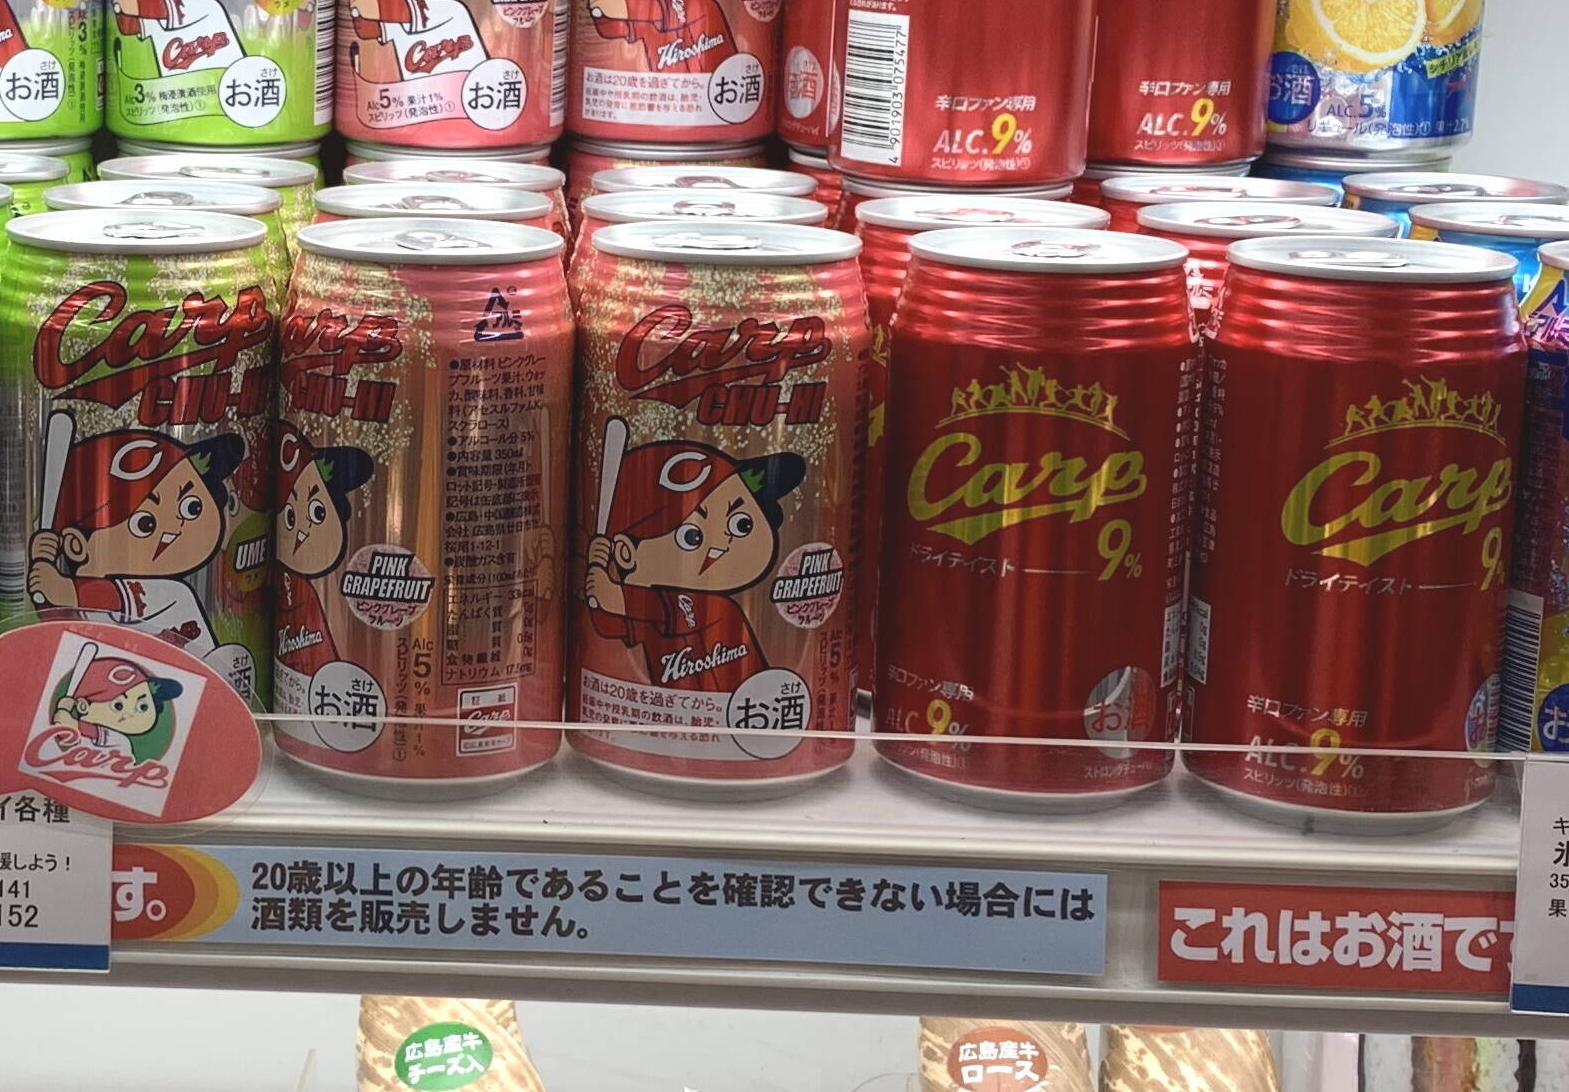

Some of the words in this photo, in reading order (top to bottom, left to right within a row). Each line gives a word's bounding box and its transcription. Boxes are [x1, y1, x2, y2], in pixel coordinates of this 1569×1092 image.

[657, 32, 725, 69] Hiroshima
[5, 72, 59, 100] お酒
[225, 79, 281, 107] お酒
[467, 81, 522, 110] お酒
[714, 74, 761, 104] お酒
[33, 280, 273, 408] Carp
[616, 306, 833, 399] Carp
[696, 382, 827, 426] CHU-HI
[907, 432, 1147, 545] Carp
[1280, 451, 1512, 566] Carp
[234, 539, 267, 572] UME
[370, 554, 410, 577] PINK
[801, 552, 830, 575] PINK
[909, 544, 1014, 577] ドライテイスト
[341, 575, 432, 599] GRAPEFRUIT
[773, 572, 843, 601] GRAPEFRUIT
[1284, 567, 1412, 596] ドライテイスト
[661, 643, 748, 684] Hiroshima
[315, 690, 380, 734] お酒
[1247, 694, 1368, 727] 辛口ファン専用
[24, 725, 169, 791] Carp
[251, 860, 1095, 922] 20歳以上の年齢であることを確認できない場合には
[251, 896, 591, 940] 酒類を販売しません。
[405, 1032, 483, 1063] 広島産牛
[958, 1040, 1039, 1062] 広島産牛
[961, 1060, 1040, 1084] ロース
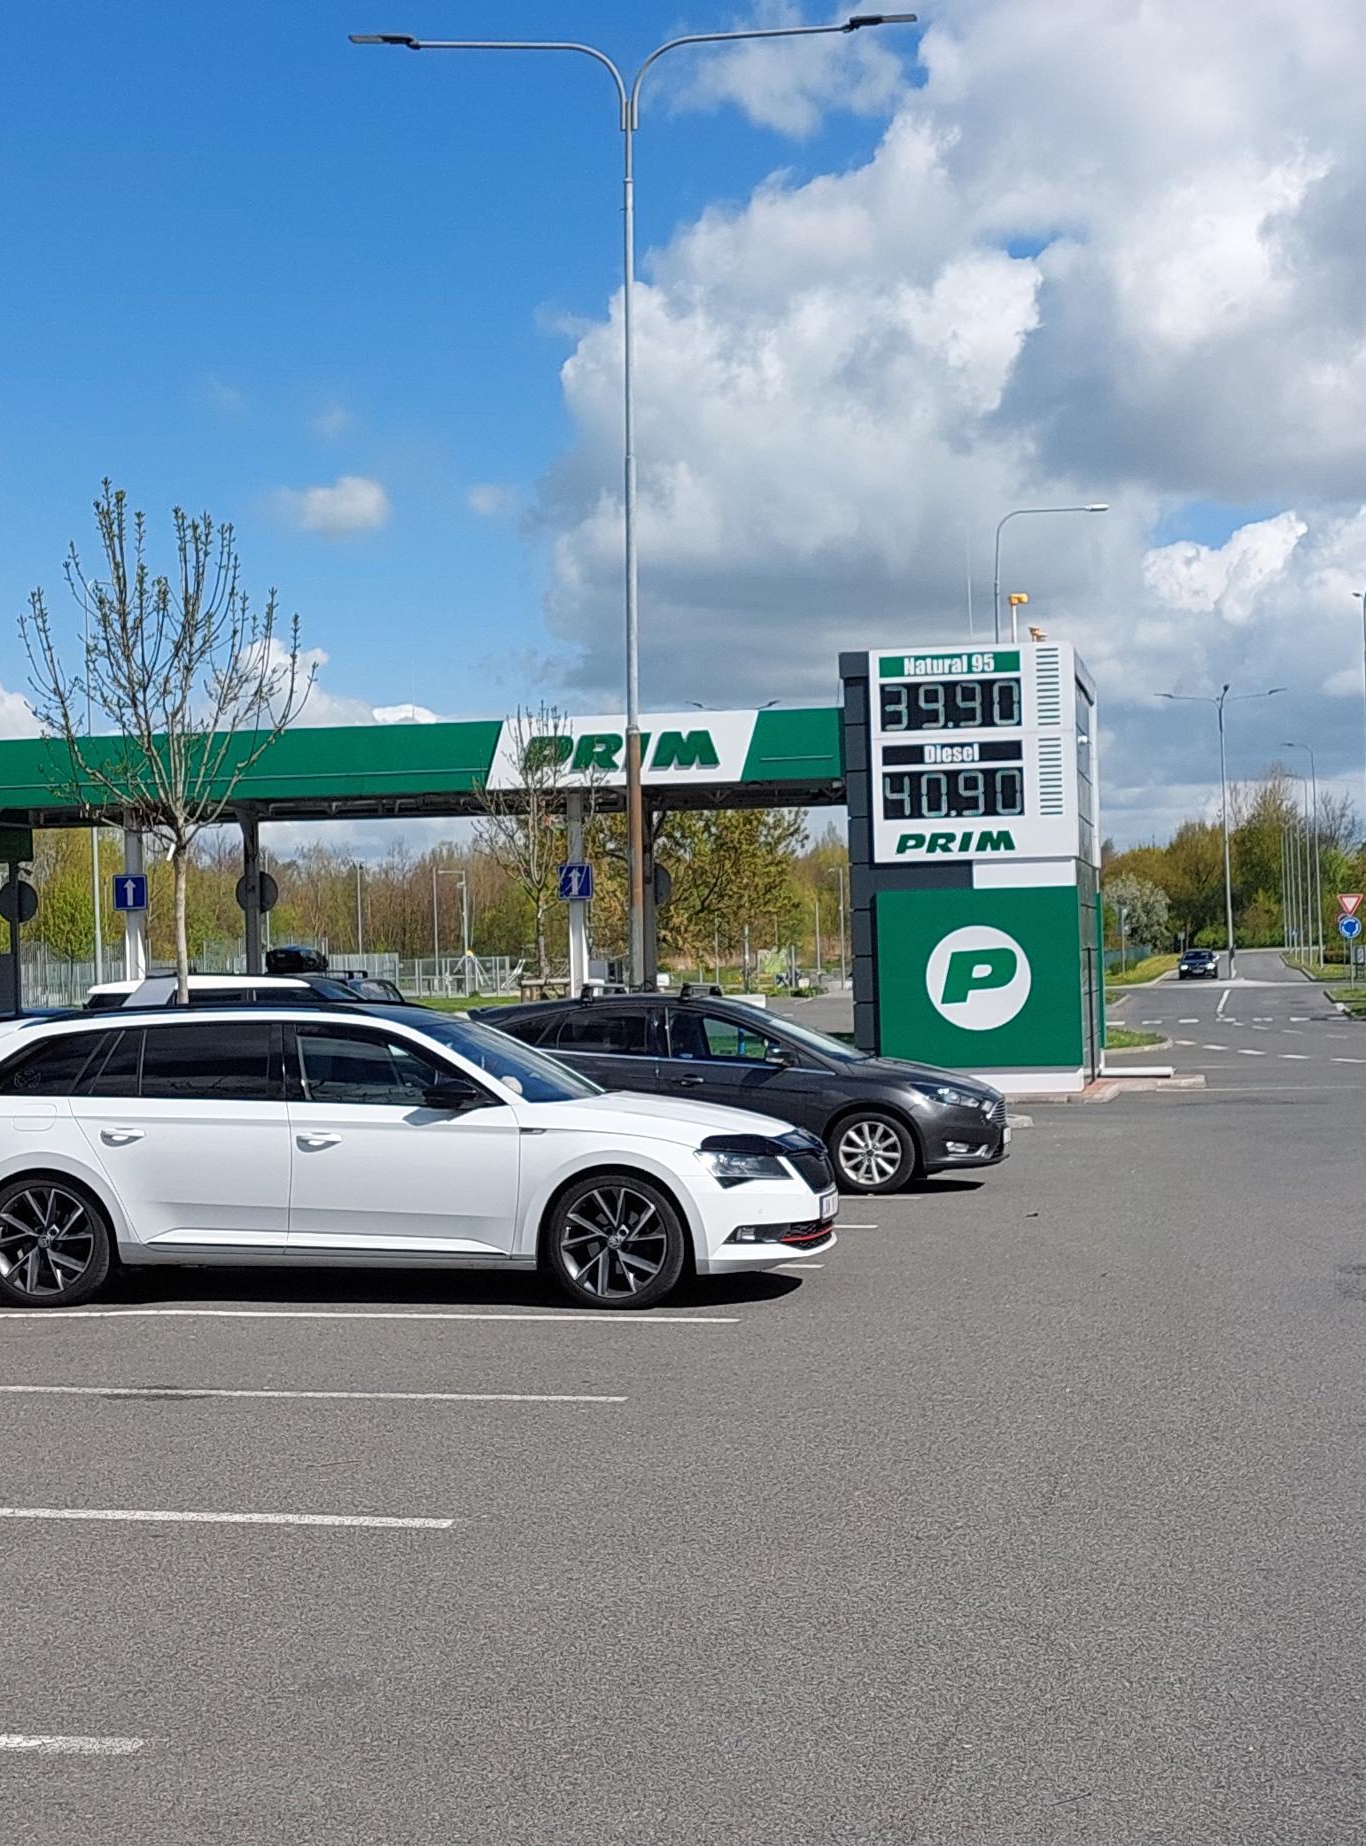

::::::

Task to carry out:
Copy out all the records exactly as they read, and omit the pictures.

Answer for the task:
Some of the words in this photo, in reading order (top to bottom, left to right within a row). Each line gives a word's bounding box and its transcription. Boxes are [x1, y1, x2, y2], in pixel coordinates of this 1569×1092 image.

[657, 32, 725, 69] Hiroshima
[5, 72, 59, 100] お酒
[225, 79, 281, 107] お酒
[467, 81, 522, 110] お酒
[714, 74, 761, 104] お酒
[33, 280, 273, 408] Carp
[616, 306, 833, 399] Carp
[696, 382, 827, 426] CHU-HI
[907, 432, 1147, 545] Carp
[1280, 451, 1512, 566] Carp
[234, 539, 267, 572] UME
[370, 554, 410, 577] PINK
[801, 552, 830, 575] PINK
[909, 544, 1014, 577] ドライテイスト
[341, 575, 432, 599] GRAPEFRUIT
[773, 572, 843, 601] GRAPEFRUIT
[1284, 567, 1412, 596] ドライテイスト
[661, 643, 748, 684] Hiroshima
[315, 690, 380, 734] お酒
[1247, 694, 1368, 727] 辛口ファン専用
[24, 725, 169, 791] Carp
[251, 860, 1095, 922] 20歳以上の年齢であることを確認できない場合には
[251, 896, 591, 940] 酒類を販売しません。
[405, 1032, 483, 1063] 広島産牛
[958, 1040, 1039, 1062] 広島産牛
[961, 1060, 1040, 1084] ロース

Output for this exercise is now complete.